→ What the task asks
Output every entry below word for word, without its pictures.

•••

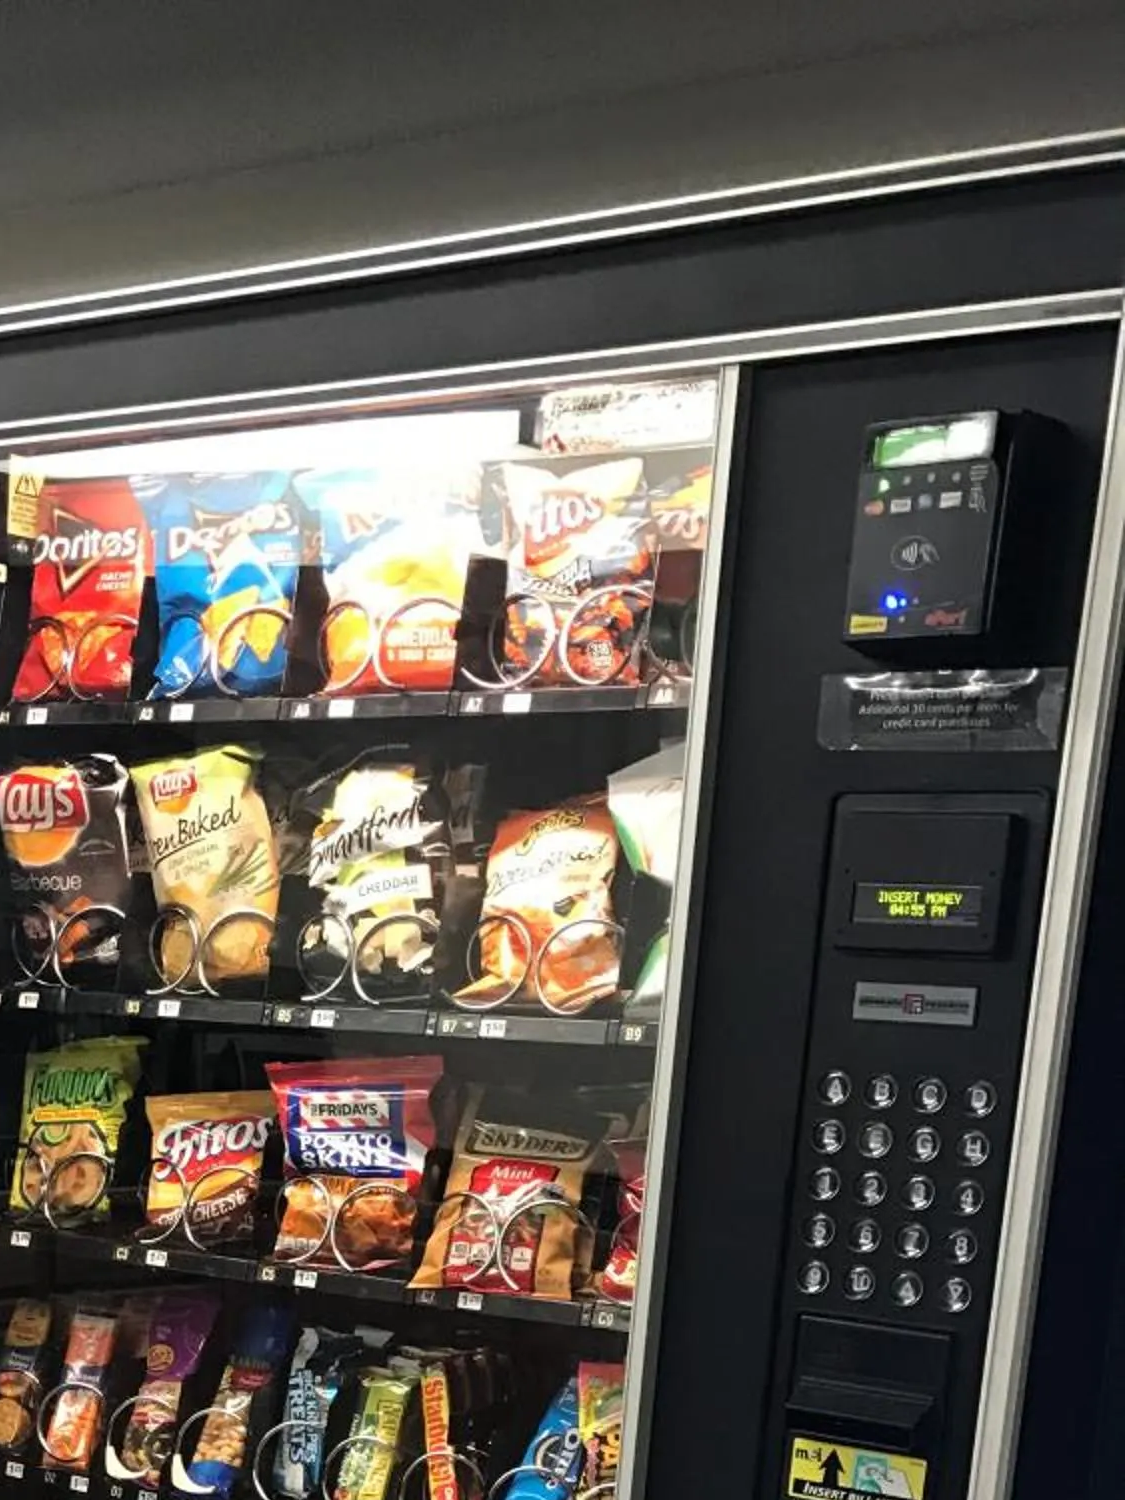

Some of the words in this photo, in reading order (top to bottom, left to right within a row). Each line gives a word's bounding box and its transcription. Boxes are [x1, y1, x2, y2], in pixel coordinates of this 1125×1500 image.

[177, 796, 242, 845] Baked
[878, 891, 919, 904] INSERT
[926, 892, 963, 905] MONEY
[931, 906, 948, 918] PM
[318, 1102, 378, 1117] FRIDAYS
[154, 1117, 274, 1180] Fritos
[300, 1133, 392, 1151] POTATO
[301, 1149, 389, 1170] SKINS
[490, 1164, 535, 1181] Mini
[192, 1186, 249, 1222] CHEESE
[288, 1369, 306, 1465] TREATS
[803, 1481, 848, 1500] INSERT
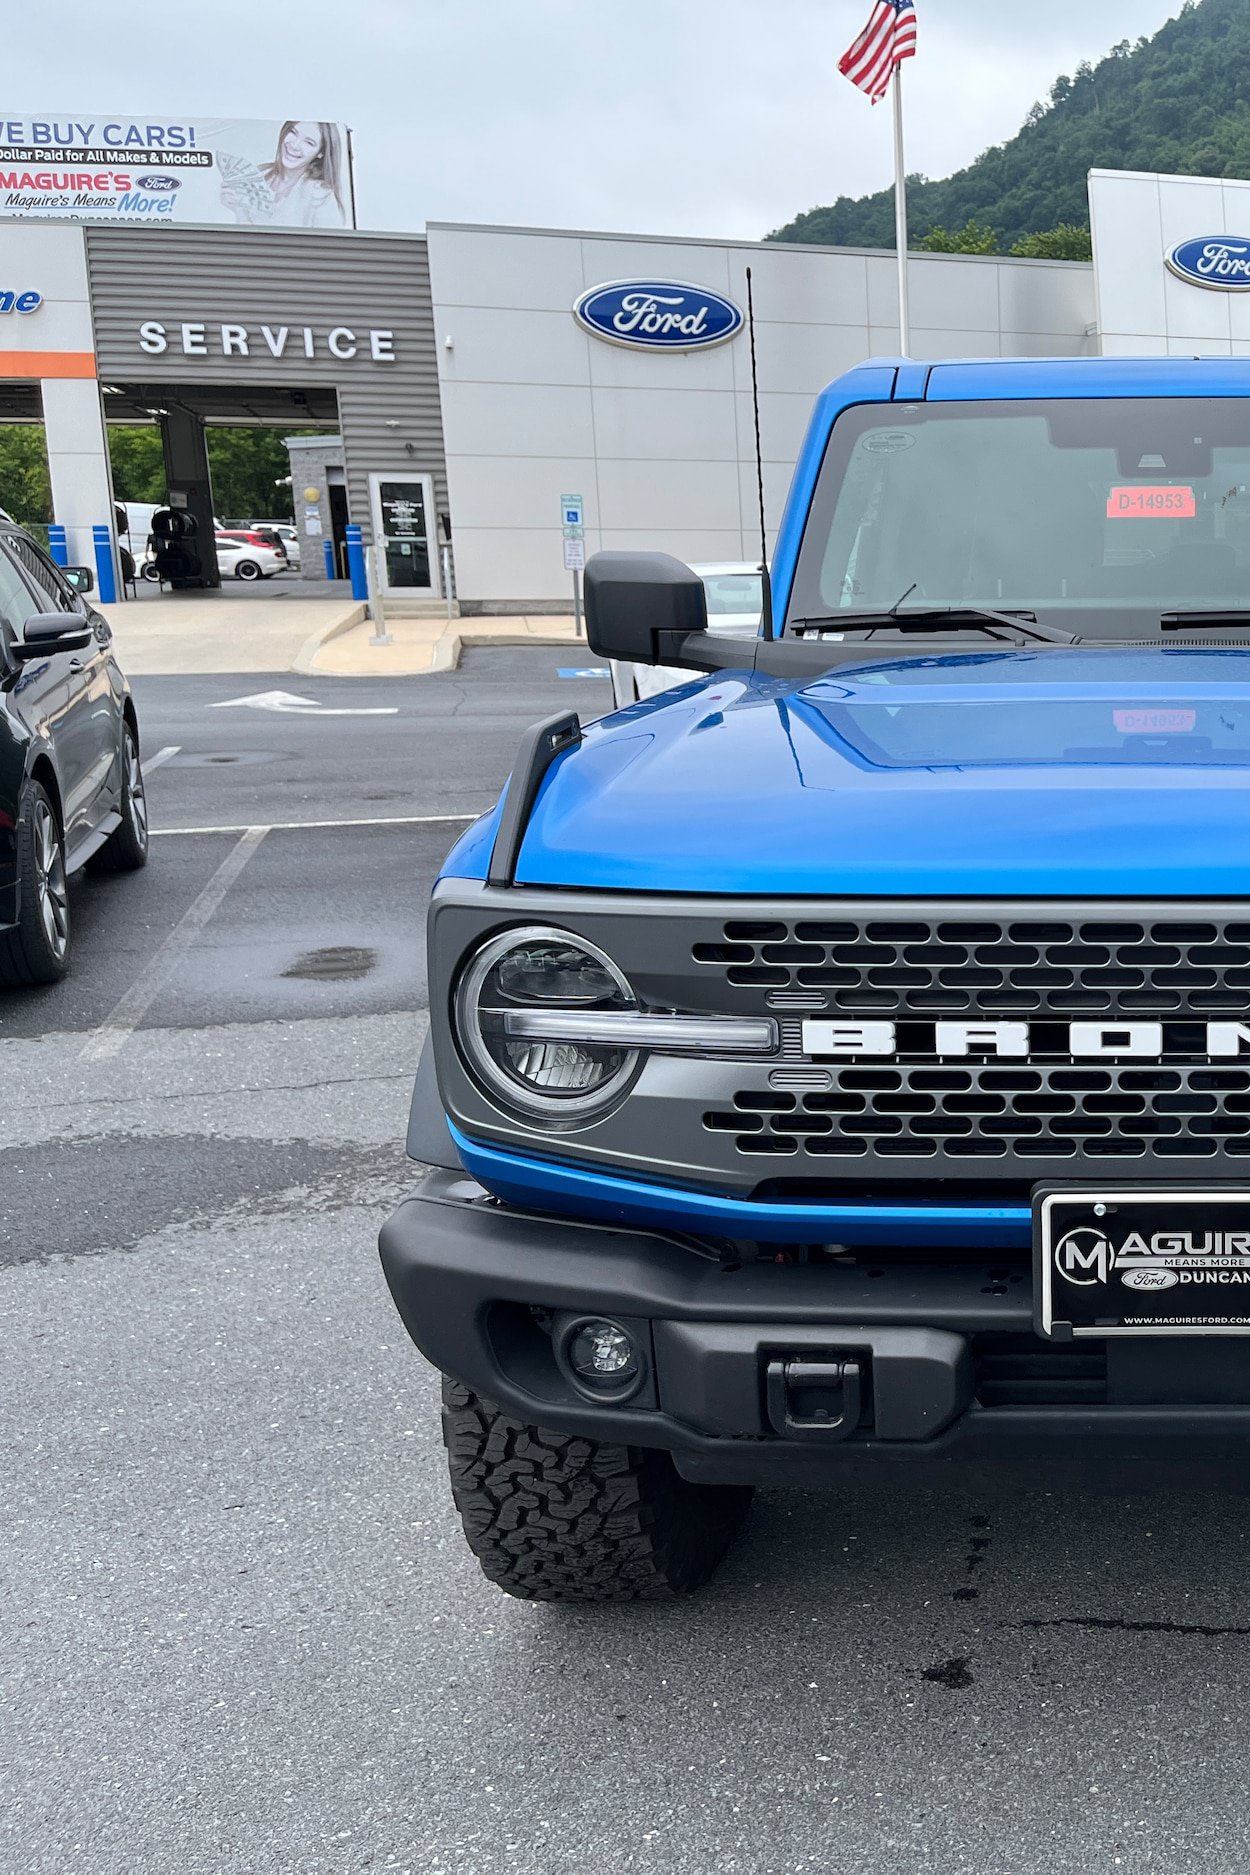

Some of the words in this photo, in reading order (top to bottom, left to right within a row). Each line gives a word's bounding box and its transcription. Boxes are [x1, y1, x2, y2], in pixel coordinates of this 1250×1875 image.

[0, 121, 24, 143] E
[32, 122, 95, 145] BUY
[103, 123, 196, 148] CARS!
[35, 149, 63, 160] Paid
[66, 150, 84, 161] for
[87, 150, 104, 162] All
[106, 151, 147, 163] Makes
[149, 152, 160, 163] &
[162, 152, 209, 164] Models
[0, 171, 132, 191] MAGUIRE'S
[144, 177, 173, 189] Ford
[5, 193, 70, 210] Maguire's
[73, 193, 117, 207] Means
[117, 192, 177, 213] More!
[612, 292, 709, 335] Ford
[139, 320, 396, 361] SERVICE
[1118, 493, 1185, 510] D-14953
[1163, 1257, 1206, 1267] MEANS
[1210, 1257, 1246, 1267] MORE
[1132, 1272, 1168, 1287] Ford
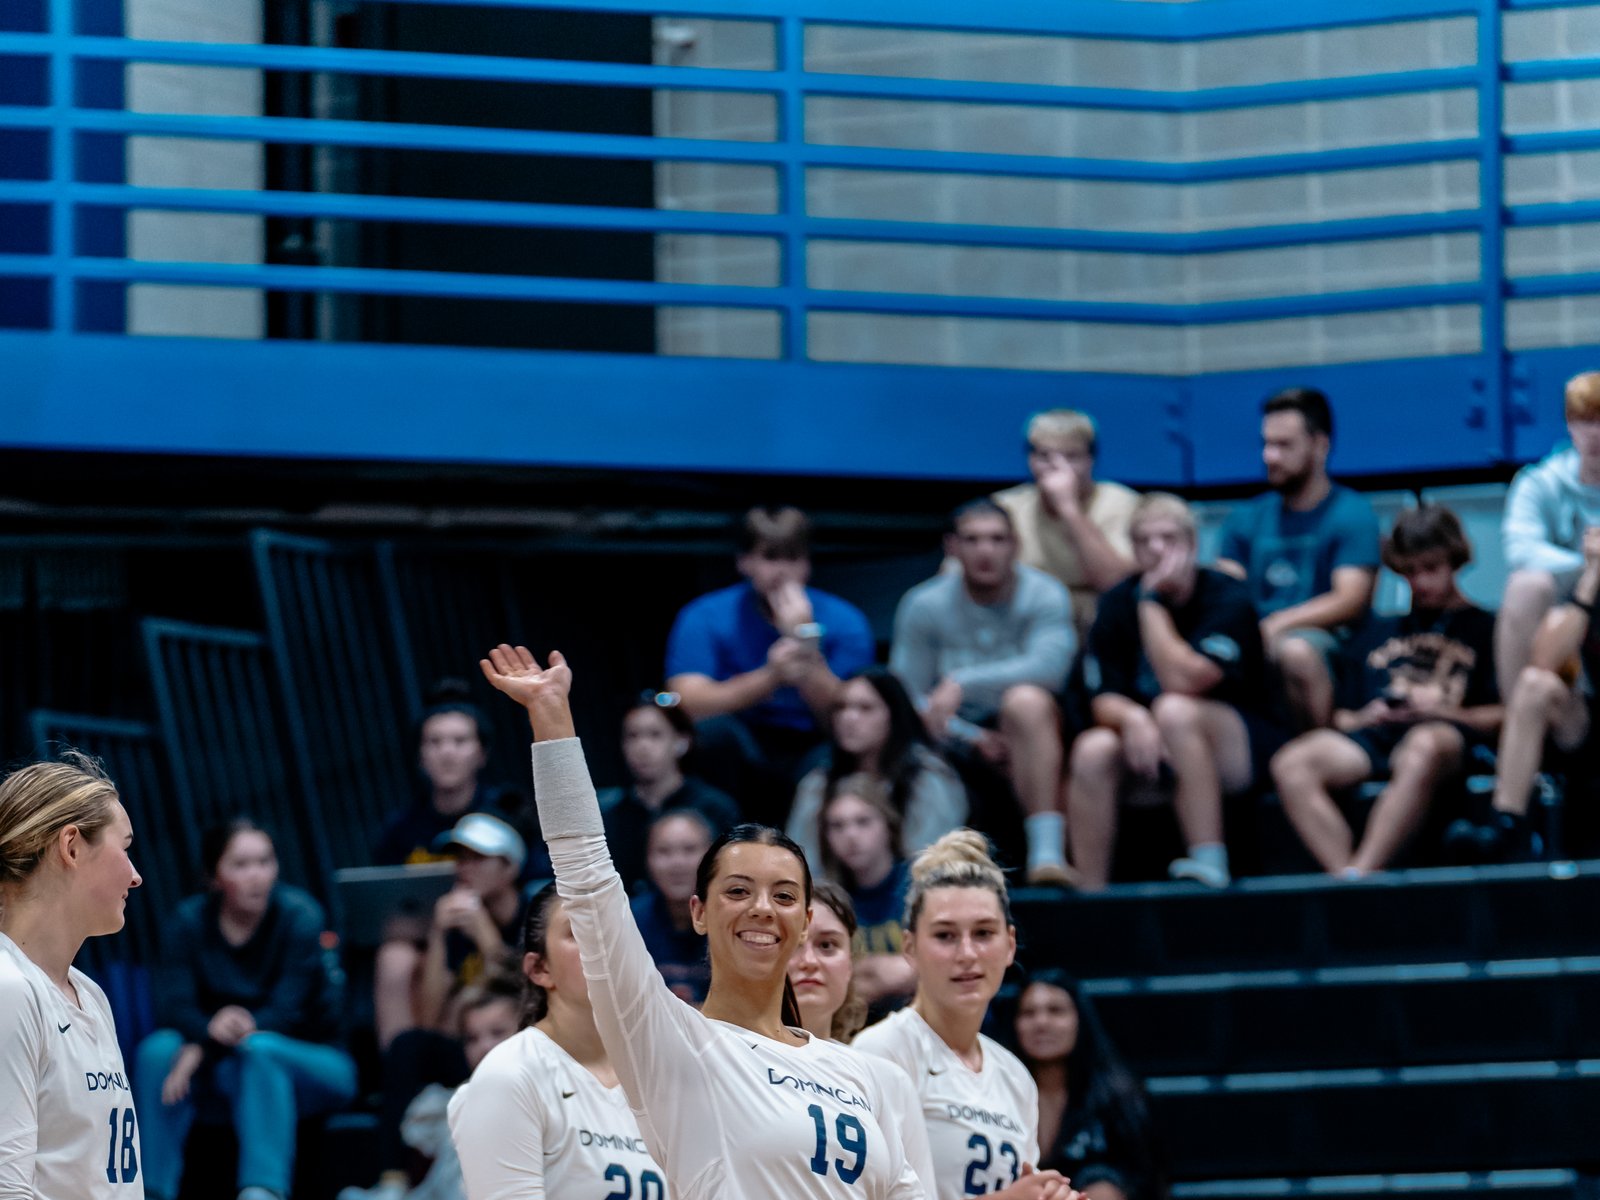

•••

→ Response to this exercise
Some of the words in this photo, in reading order (top to bottom, left to right within a row). Each line gives a word's bounding box and its transcription. Boxes are [x1, y1, x2, y2], in pixel coordinates of this 1125×1500 image.

[177, 796, 242, 845] Baked
[878, 891, 919, 904] INSERT
[926, 892, 963, 905] MONEY
[931, 906, 948, 918] PM
[318, 1102, 378, 1117] FRIDAYS
[154, 1117, 274, 1180] Fritos
[300, 1133, 392, 1151] POTATO
[301, 1149, 389, 1170] SKINS
[490, 1164, 535, 1181] Mini
[192, 1186, 249, 1222] CHEESE
[288, 1369, 306, 1465] TREATS
[803, 1481, 848, 1500] INSERT

Some of the words in this photo, in reading order (top to bottom, left to right within a row). Each line gives a word's bounding box and its transcription. Boxes are [x1, y1, x2, y2], in pixel coordinates of this 1250×1875 image.

[0, 121, 24, 143] E
[32, 122, 95, 145] BUY
[103, 123, 196, 148] CARS!
[35, 149, 63, 160] Paid
[66, 150, 84, 161] for
[87, 150, 104, 162] All
[106, 151, 147, 163] Makes
[149, 152, 160, 163] &
[162, 152, 209, 164] Models
[0, 171, 132, 191] MAGUIRE'S
[144, 177, 173, 189] Ford
[5, 193, 70, 210] Maguire's
[73, 193, 117, 207] Means
[117, 192, 177, 213] More!
[612, 292, 709, 335] Ford
[139, 320, 396, 361] SERVICE
[1118, 493, 1185, 510] D-14953
[1163, 1257, 1206, 1267] MEANS
[1210, 1257, 1246, 1267] MORE
[1132, 1272, 1168, 1287] Ford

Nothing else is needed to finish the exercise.